_Directions for this task_. Could you write out the line containing "this 1643×1632 image." and all the lines below it in the data, exactly, through the final one and nothing else?

_Records provided_.
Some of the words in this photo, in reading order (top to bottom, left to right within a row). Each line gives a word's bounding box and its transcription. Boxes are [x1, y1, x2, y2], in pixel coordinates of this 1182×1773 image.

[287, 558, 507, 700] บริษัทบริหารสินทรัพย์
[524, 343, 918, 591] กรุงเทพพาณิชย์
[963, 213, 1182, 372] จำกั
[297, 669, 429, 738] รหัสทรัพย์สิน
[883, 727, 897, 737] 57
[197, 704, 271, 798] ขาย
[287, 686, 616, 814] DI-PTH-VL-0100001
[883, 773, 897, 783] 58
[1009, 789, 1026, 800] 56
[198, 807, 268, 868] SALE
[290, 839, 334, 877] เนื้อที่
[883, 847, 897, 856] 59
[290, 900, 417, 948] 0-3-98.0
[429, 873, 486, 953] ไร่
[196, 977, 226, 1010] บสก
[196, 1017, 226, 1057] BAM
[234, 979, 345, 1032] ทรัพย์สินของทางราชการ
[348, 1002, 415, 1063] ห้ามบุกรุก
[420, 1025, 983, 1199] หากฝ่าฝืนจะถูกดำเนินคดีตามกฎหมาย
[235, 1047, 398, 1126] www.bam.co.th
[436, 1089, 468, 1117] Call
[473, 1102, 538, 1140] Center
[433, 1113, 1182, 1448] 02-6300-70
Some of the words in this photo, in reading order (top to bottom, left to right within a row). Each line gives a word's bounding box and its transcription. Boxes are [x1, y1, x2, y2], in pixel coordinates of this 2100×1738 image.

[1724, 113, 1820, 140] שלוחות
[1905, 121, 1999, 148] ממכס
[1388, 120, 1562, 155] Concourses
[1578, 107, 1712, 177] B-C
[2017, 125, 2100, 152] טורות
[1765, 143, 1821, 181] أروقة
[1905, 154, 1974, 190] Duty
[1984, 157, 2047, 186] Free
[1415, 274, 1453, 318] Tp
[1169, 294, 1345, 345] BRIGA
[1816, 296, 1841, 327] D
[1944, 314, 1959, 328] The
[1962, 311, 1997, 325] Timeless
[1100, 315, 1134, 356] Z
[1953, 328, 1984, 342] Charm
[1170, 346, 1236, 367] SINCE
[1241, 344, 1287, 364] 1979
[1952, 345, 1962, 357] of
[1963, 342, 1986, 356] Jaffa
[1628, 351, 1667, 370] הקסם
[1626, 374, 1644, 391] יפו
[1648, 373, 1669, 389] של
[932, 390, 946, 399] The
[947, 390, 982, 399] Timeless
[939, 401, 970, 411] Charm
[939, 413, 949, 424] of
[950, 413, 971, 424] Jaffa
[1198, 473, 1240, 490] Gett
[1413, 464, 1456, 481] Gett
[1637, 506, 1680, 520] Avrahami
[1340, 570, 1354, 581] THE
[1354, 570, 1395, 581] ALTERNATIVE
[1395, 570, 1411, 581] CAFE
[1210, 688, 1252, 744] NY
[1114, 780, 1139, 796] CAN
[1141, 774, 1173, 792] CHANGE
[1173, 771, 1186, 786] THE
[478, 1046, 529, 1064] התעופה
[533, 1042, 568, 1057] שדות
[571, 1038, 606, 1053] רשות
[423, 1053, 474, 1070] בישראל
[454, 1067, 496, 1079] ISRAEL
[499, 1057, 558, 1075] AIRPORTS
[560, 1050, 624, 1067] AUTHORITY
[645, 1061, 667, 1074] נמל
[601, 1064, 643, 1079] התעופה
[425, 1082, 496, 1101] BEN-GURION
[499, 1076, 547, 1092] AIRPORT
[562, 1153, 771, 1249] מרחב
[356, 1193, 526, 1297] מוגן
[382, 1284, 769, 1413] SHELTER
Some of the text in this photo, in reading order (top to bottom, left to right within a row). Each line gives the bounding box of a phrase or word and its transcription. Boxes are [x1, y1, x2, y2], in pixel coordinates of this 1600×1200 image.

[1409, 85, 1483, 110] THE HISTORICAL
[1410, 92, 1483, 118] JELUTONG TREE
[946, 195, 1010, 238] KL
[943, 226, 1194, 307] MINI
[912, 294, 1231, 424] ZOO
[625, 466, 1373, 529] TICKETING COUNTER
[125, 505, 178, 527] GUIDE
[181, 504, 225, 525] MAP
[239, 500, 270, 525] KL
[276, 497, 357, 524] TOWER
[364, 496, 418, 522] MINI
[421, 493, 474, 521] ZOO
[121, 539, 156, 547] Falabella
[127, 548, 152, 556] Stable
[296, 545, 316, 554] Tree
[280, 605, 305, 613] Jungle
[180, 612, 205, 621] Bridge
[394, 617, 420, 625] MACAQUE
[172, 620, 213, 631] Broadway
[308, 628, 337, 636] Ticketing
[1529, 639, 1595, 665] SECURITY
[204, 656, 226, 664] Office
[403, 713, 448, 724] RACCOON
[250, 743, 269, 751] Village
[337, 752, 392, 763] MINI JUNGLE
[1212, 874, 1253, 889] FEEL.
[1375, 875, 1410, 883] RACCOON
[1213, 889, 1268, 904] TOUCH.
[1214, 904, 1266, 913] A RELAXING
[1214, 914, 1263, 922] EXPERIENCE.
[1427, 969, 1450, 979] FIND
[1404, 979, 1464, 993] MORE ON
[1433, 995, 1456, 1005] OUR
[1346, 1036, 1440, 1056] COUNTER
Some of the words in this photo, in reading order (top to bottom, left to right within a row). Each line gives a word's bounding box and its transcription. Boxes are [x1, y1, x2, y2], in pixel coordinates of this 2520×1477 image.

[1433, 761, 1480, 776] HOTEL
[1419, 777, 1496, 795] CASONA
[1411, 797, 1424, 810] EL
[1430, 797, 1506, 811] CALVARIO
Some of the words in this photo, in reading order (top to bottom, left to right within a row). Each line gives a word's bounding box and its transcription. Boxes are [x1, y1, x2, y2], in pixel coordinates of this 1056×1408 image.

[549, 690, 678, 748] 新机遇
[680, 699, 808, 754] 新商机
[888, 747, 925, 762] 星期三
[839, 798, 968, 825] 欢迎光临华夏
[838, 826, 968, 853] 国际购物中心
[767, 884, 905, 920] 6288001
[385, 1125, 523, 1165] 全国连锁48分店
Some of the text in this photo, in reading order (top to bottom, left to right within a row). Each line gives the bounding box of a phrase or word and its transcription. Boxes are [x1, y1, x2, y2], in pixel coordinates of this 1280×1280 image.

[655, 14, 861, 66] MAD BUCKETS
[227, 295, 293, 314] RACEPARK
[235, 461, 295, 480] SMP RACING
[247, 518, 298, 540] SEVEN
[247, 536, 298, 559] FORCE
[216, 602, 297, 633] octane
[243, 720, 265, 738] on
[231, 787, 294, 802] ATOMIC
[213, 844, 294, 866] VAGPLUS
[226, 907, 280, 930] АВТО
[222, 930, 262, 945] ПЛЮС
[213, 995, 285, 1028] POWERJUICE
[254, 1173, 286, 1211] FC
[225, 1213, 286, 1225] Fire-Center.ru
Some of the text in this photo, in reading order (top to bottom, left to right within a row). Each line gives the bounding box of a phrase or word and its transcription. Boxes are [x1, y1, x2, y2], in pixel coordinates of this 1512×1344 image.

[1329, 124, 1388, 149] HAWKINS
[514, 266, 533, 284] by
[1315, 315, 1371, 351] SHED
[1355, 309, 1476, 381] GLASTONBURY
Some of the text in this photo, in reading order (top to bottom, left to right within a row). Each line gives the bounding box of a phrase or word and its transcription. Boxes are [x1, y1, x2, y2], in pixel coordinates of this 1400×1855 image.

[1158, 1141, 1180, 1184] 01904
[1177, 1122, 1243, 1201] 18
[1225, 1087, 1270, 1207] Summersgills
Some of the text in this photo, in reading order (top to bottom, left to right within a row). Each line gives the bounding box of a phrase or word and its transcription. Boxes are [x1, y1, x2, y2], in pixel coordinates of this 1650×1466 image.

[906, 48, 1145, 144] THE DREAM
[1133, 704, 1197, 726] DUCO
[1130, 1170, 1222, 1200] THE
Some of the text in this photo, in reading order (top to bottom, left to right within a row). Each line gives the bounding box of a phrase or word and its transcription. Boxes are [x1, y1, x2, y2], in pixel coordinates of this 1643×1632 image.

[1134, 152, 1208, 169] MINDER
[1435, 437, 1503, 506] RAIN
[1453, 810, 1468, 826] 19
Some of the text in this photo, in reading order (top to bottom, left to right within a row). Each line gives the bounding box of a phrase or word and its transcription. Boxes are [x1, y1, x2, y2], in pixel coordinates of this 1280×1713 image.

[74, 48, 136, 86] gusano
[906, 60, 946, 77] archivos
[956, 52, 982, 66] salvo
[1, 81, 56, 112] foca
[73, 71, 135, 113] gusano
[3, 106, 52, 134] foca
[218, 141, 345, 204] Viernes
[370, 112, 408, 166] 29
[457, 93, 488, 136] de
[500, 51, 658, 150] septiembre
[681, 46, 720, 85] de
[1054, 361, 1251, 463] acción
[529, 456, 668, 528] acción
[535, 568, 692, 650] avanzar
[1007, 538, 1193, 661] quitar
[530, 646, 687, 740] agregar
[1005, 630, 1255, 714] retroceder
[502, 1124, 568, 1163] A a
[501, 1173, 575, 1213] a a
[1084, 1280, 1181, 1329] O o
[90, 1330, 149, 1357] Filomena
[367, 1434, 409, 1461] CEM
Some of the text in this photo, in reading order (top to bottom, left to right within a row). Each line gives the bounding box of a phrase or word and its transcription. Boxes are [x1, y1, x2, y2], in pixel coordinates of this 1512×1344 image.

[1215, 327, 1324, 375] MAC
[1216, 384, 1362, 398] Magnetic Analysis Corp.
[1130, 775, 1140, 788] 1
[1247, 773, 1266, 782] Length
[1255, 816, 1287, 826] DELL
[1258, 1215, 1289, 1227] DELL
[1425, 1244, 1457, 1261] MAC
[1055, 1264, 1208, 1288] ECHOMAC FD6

_Exercise output_.
Some of the text in this photo, in reading order (top to bottom, left to right within a row). Each line gives the bounding box of a phrase or word and its transcription. Boxes are [x1, y1, x2, y2], in pixel coordinates of this 1643×1632 image.

[1134, 152, 1208, 169] MINDER
[1435, 437, 1503, 506] RAIN
[1453, 810, 1468, 826] 19
Some of the text in this photo, in reading order (top to bottom, left to right within a row). Each line gives the bounding box of a phrase or word and its transcription. Boxes are [x1, y1, x2, y2], in pixel coordinates of this 1280×1713 image.

[74, 48, 136, 86] gusano
[906, 60, 946, 77] archivos
[956, 52, 982, 66] salvo
[1, 81, 56, 112] foca
[73, 71, 135, 113] gusano
[3, 106, 52, 134] foca
[218, 141, 345, 204] Viernes
[370, 112, 408, 166] 29
[457, 93, 488, 136] de
[500, 51, 658, 150] septiembre
[681, 46, 720, 85] de
[1054, 361, 1251, 463] acción
[529, 456, 668, 528] acción
[535, 568, 692, 650] avanzar
[1007, 538, 1193, 661] quitar
[530, 646, 687, 740] agregar
[1005, 630, 1255, 714] retroceder
[502, 1124, 568, 1163] A a
[501, 1173, 575, 1213] a a
[1084, 1280, 1181, 1329] O o
[90, 1330, 149, 1357] Filomena
[367, 1434, 409, 1461] CEM
Some of the text in this photo, in reading order (top to bottom, left to right within a row). Each line gives the bounding box of a phrase or word and its transcription. Boxes are [x1, y1, x2, y2], in pixel coordinates of this 1512×1344 image.

[1215, 327, 1324, 375] MAC
[1216, 384, 1362, 398] Magnetic Analysis Corp.
[1130, 775, 1140, 788] 1
[1247, 773, 1266, 782] Length
[1255, 816, 1287, 826] DELL
[1258, 1215, 1289, 1227] DELL
[1425, 1244, 1457, 1261] MAC
[1055, 1264, 1208, 1288] ECHOMAC FD6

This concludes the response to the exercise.